Indonesia percaya bahwa kawasan Samudra Hindia memiliki potensi untuk menjadi sebuah kekuatan baru dunia.
"Kami percaya bahwa saat ini Samudra Hindia di ambang suatu keperkasaan dengan perkembangan masyarakat-masyarakat besar dan ekonomi-ekonomi yang semakin berperan di Afrika Timur, Timur Tengah, Asia Selatan, Asia Tenggara, dan di Australia," ujarnya.
Meski demikian, diakui bahwa untuk mewujudkan harapan tersebut bukanlah suatu pekerjaan ringan. Samudra Hindia sebagai sebuah kawasan yang menyimpan kekayaan alam dan sumber daya, juga masih menyimpan permasalahan terkait dengan kemiskinan.
"Komunitas IORA ini adalah komunitas yang unik. Sebuah kawasan yang kaya, tapi dengan masih adanya kantong-kantong kemiskinan. Harus kita akui, kita masih harus melakukan modernisasi di banyak aspek," Presiden menegaskan.
Menilik ke belakang, IORA sendiri sesungguhnya telah memulai upayanya dalam mewujudkan kemakmuran wilayah Samudra Hindia.
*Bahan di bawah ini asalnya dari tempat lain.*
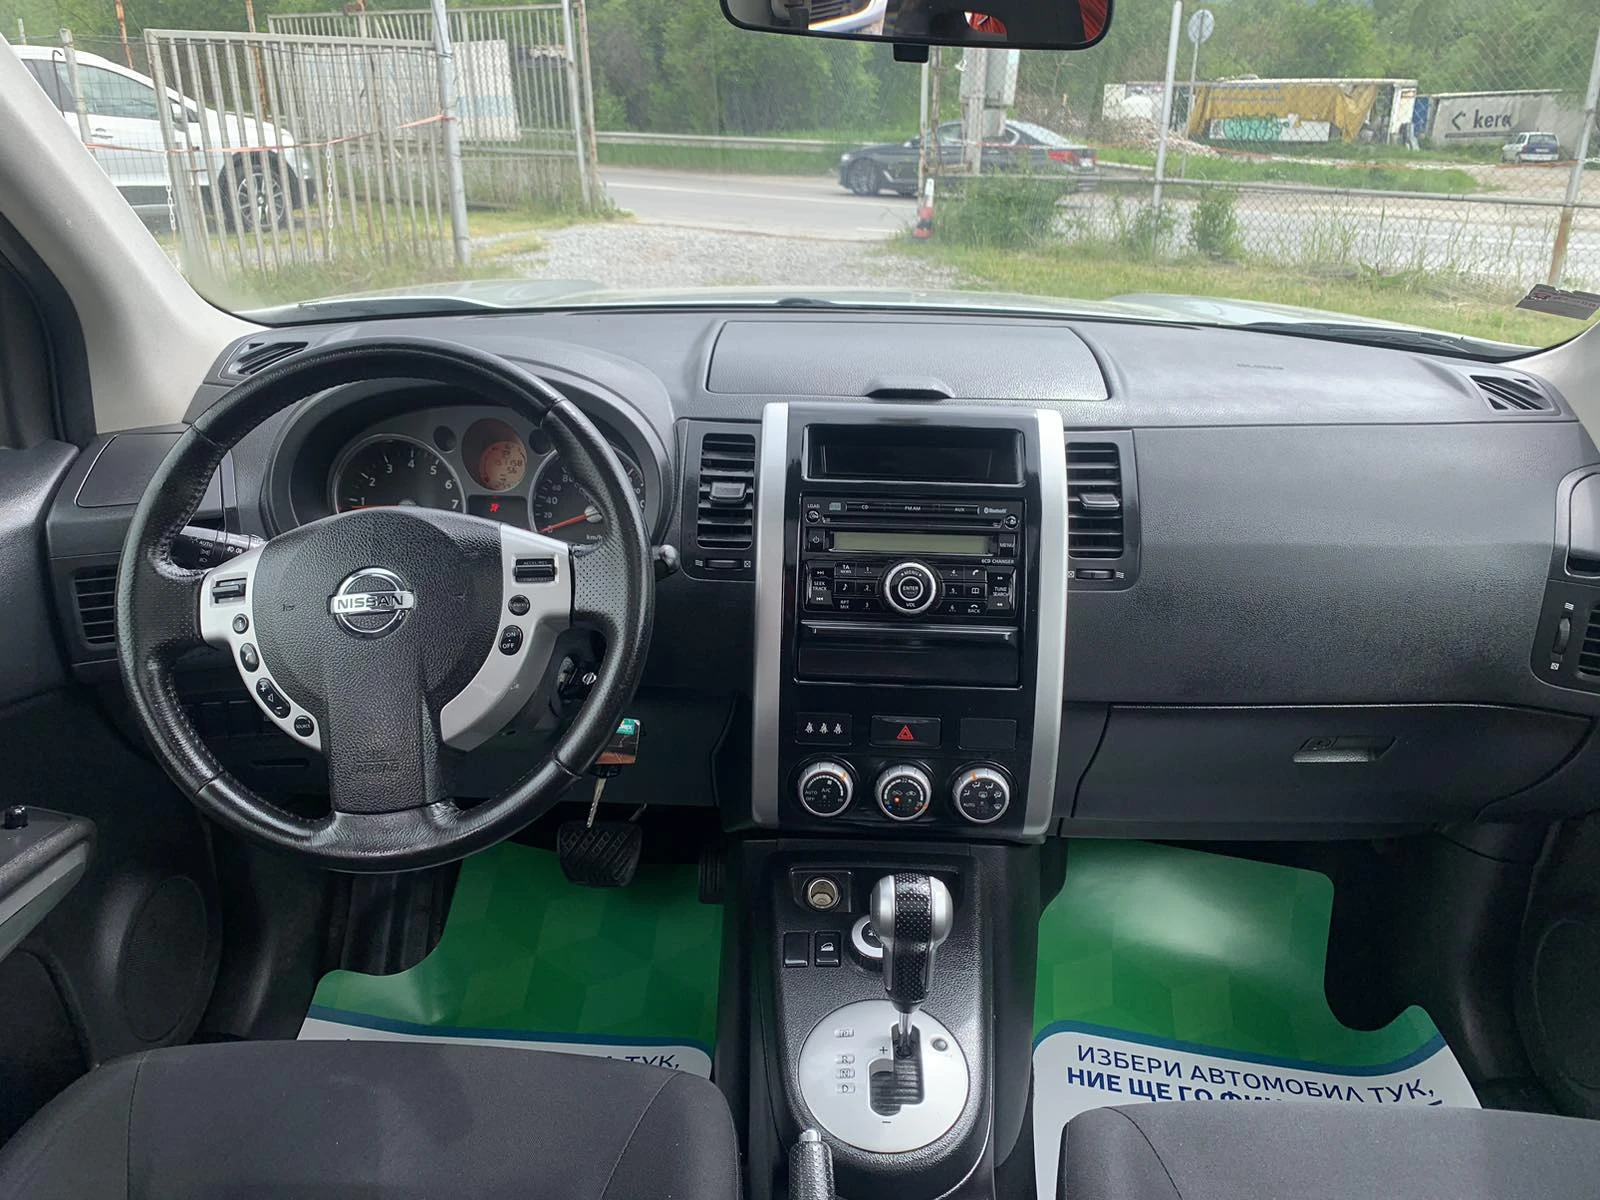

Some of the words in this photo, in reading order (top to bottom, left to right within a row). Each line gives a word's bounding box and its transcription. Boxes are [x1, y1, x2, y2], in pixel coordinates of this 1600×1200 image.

Banyak prakarsa-prakarsa penting telah dilahirkan dalam berbagai bidang.
"Ditandai di tahun 2015 dengan kita menerbitkan Deklarasi Kerja Sama Maritim IORA di kota Padang di Indonesia. IORA juga telah memfasilitasi banyak kemajuan yang konkret di bidang penanggulangan bencana," ucapnya.
Selain itu, pemberdayaan dan kesetaraan bagi perempuan bahkan juga telah dibahas oleh negara-negara anggota IORA. Mereka percaya bahwa peranan perempuan dalam perkembangan suatu bangsa amatlah besar dan tidak dapat dipandang sebelah mata.
"Tahun lalu di pulau firdaus kita, Bali, Menteri Luar Negeri kita telah menerbitkan Deklarasi Kesetaraan Wanita dan Pemberdayaan Ekonomi Perempuan," ujar Kepala Negara.
Persoalan pelestarian lingkungan hidup, yang kini telah menjadi isu global, tak terlewatkan. Kepada sejumlah kepala negara atau pemerintahan dan delegasi yang hadir, Presiden Joko Widodo mengungkap upaya Indonesia terkait isu tersebut.
"Sejak saya menjabat di tahun 2014, pemerintahan saya menerapkan program penindakan yang tegas terhadap praktik-praktik perikanan ilegal," ucapnya.
Tak hanya itu, pemerintah Indonesia juga telah berupaya keras agar peristiwa terbakarnya lahan gambut tak menerus berulang. Inilah langkah serius dari Indonesia sebagai bentuk pelestarian lingkungan.
"Kami juga telah mengambil langkah-langkah konkret untuk mengurangi kebakaran lahan gambut yang setiap tahun mencemari udara dengan asap dan kabut," Kepala Negara menegaskan.
Namun, perlu diakui, masih banyak hal-hal mendesak lain terkait lingkungan yang harus diupayakan, baik oleh Indonesia sendiri, maupun dunia internasional. Oleh karenanya, Presiden Joko Widodo mengajak dunia internasional, khususnya negara-negara anggota IORA, untuk turut aktif dalam melahirkan solusi-solusi praktis terkait permasalahan tersebut.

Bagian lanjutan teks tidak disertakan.